Work required. Starting at the top line, print the entries below exactly as they are and skip every picture.

● ● ● ●

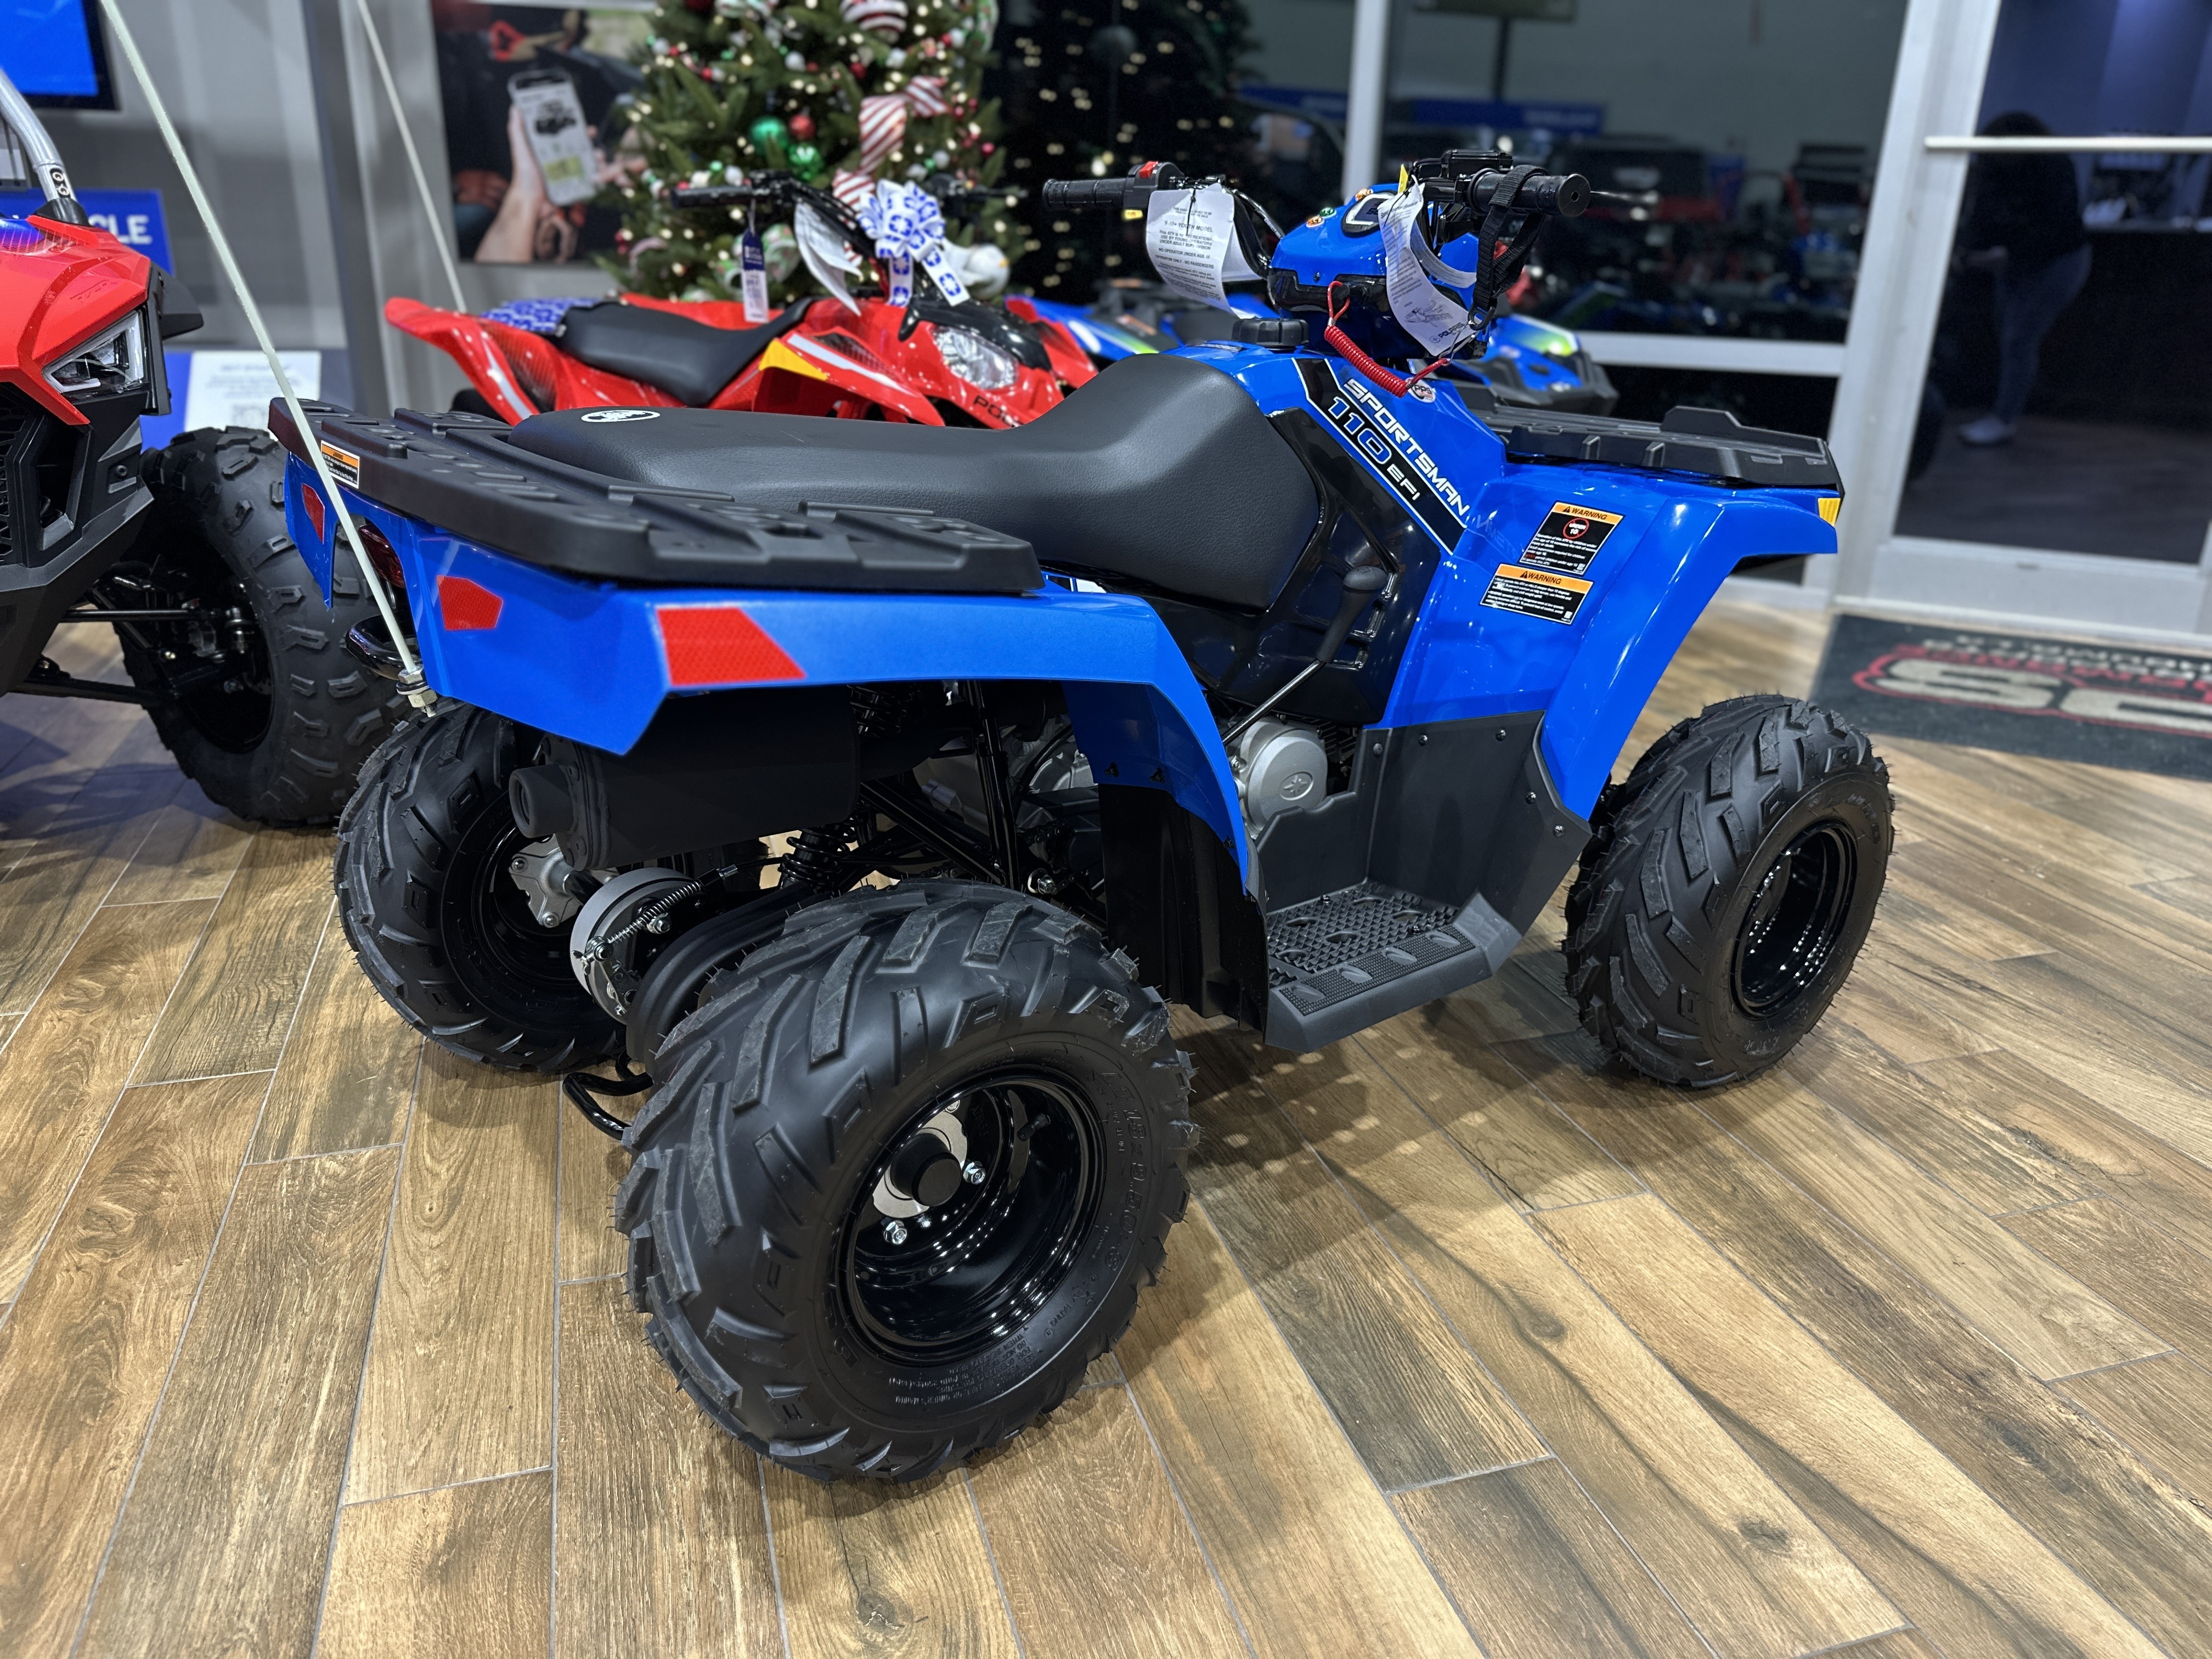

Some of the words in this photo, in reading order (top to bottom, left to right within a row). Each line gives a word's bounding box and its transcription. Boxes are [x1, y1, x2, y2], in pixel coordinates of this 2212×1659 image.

[1328, 396, 1392, 465] 110
[1386, 463, 1420, 500] EFI
[1343, 378, 1470, 516] SPORTSMAN
[1571, 507, 1608, 520] WARNING
[1528, 572, 1562, 585] WARNING
[1003, 1333, 1023, 1350] WHEN

● ● ● ●

Written reply.
Some of the words in this photo, in reading order (top to bottom, left to right within a row). Each line gives a word's bounding box and its transcription. Boxes are [x1, y1, x2, y2], in pixel coordinates of this 2212×1659 image.

[1328, 396, 1392, 465] 110
[1386, 463, 1420, 500] EFI
[1343, 378, 1470, 516] SPORTSMAN
[1571, 507, 1608, 520] WARNING
[1528, 572, 1562, 585] WARNING
[1003, 1333, 1023, 1350] WHEN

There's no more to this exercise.